## [Work to complete]
Copy out each record that follows exactly, and omit any picture you find.

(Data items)
.....

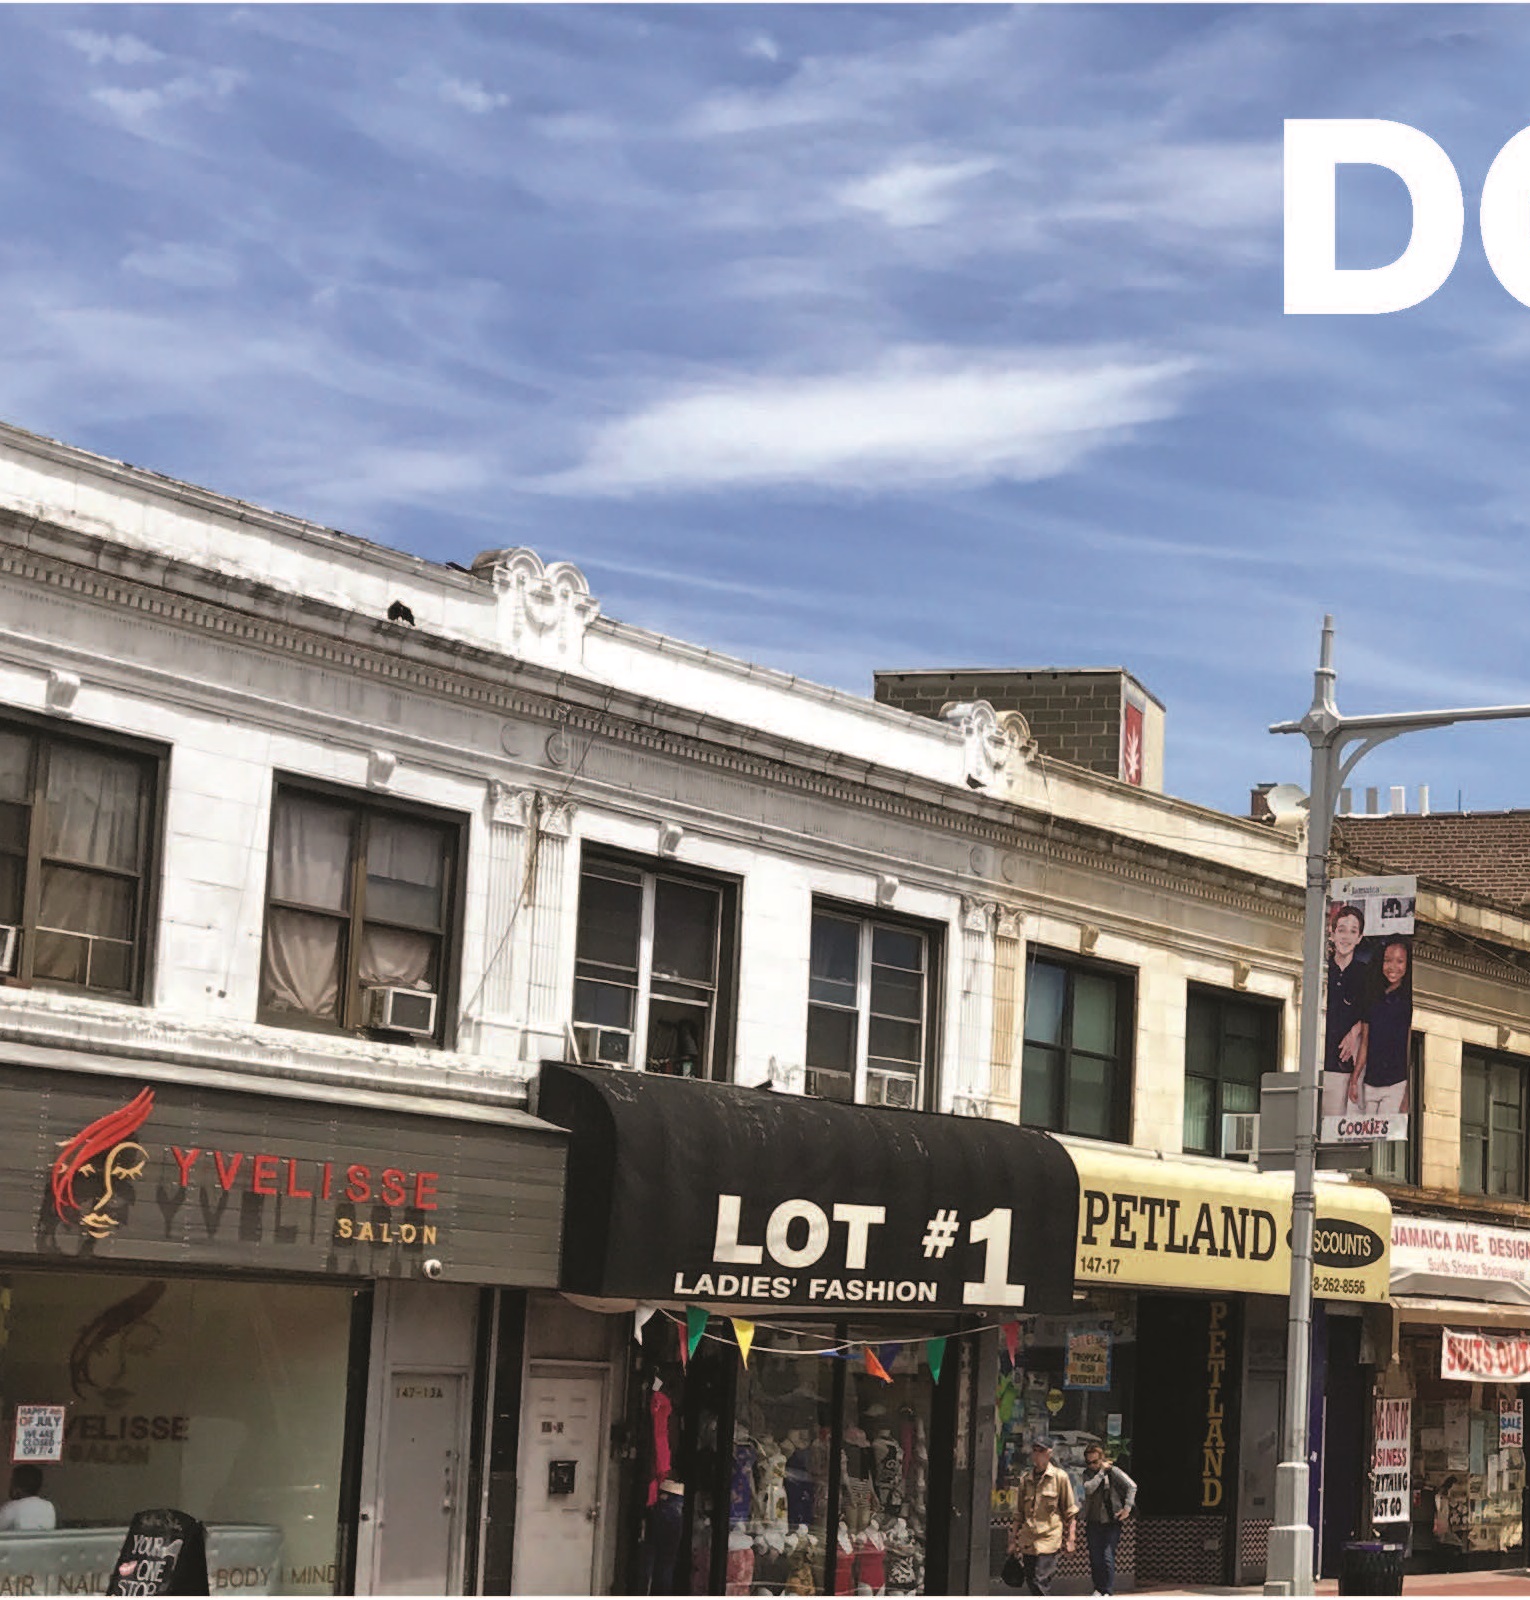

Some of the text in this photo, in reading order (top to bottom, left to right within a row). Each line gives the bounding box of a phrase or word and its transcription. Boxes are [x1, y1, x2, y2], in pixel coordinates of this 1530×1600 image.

[170, 1145, 440, 1211] YVELISSE
[337, 1216, 437, 1246] SALON
[1081, 1189, 1278, 1262] PETLAND
[1390, 1225, 1452, 1253] JAMAICA
[1455, 1233, 1485, 1254] AVE.
[712, 1193, 1026, 1307] LOT #1
[1312, 1229, 1372, 1258] SCOUNTS
[1080, 1256, 1120, 1275] 147-17
[673, 1271, 939, 1303] LADIES' FASHION
[1447, 1336, 1494, 1374] SUITS
[1201, 1301, 1228, 1507] PETLAND
[1500, 1400, 1522, 1414] SALE
[35, 1415, 62, 1427] JULY
[1500, 1416, 1522, 1430] SALE
[1500, 1432, 1522, 1445] SALE
[131, 1534, 164, 1556] YOUR
[136, 1559, 167, 1583] ONE
[215, 1566, 272, 1590] BODY
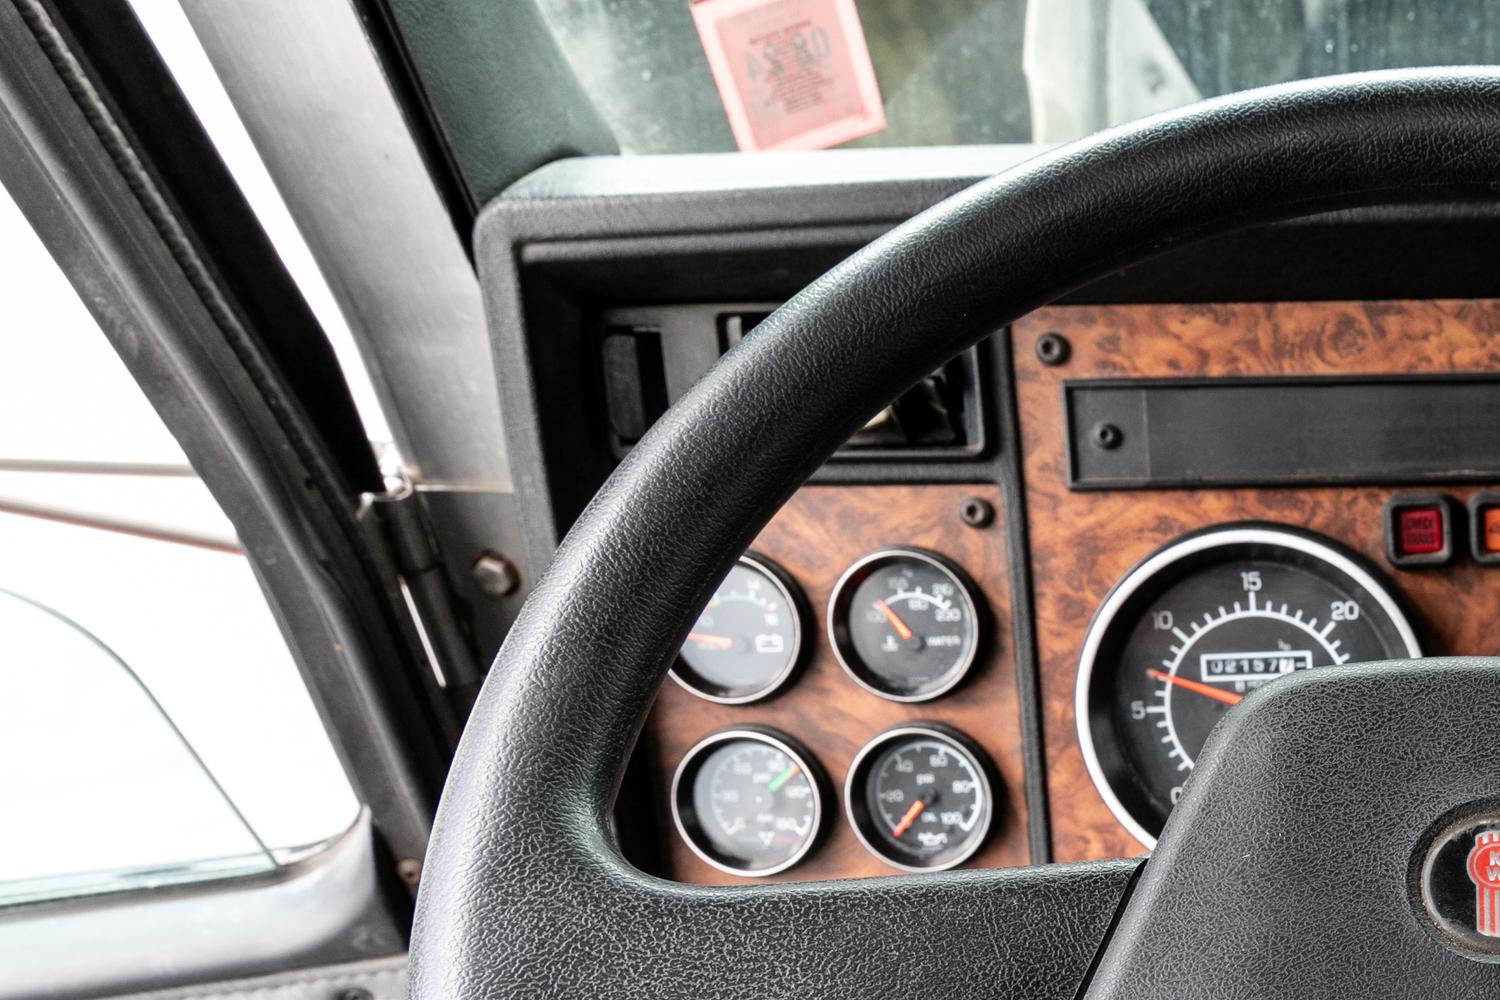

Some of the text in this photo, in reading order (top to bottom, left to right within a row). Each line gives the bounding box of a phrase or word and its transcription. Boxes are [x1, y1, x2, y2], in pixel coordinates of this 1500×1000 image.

[1241, 571, 1262, 592] 15
[1154, 611, 1174, 631] 10
[1331, 601, 1360, 621] 20
[1131, 701, 1147, 720] 5

.....

## [Result of the exercise]
Some of the text in this photo, in reading order (top to bottom, left to right within a row). Each line gives the bounding box of a phrase or word and its transcription. Boxes are [x1, y1, x2, y2], in pixel coordinates of this 1530×1600 image.

[170, 1145, 440, 1211] YVELISSE
[337, 1216, 437, 1246] SALON
[1081, 1189, 1278, 1262] PETLAND
[1390, 1225, 1452, 1253] JAMAICA
[1455, 1233, 1485, 1254] AVE.
[712, 1193, 1026, 1307] LOT #1
[1312, 1229, 1372, 1258] SCOUNTS
[1080, 1256, 1120, 1275] 147-17
[673, 1271, 939, 1303] LADIES' FASHION
[1447, 1336, 1494, 1374] SUITS
[1201, 1301, 1228, 1507] PETLAND
[1500, 1400, 1522, 1414] SALE
[35, 1415, 62, 1427] JULY
[1500, 1416, 1522, 1430] SALE
[1500, 1432, 1522, 1445] SALE
[131, 1534, 164, 1556] YOUR
[136, 1559, 167, 1583] ONE
[215, 1566, 272, 1590] BODY

Some of the text in this photo, in reading order (top to bottom, left to right within a row). Each line gives the bounding box of a phrase or word and its transcription. Boxes are [x1, y1, x2, y2], in pixel coordinates of this 1500×1000 image.

[1241, 571, 1262, 592] 15
[1154, 611, 1174, 631] 10
[1331, 601, 1360, 621] 20
[1131, 701, 1147, 720] 5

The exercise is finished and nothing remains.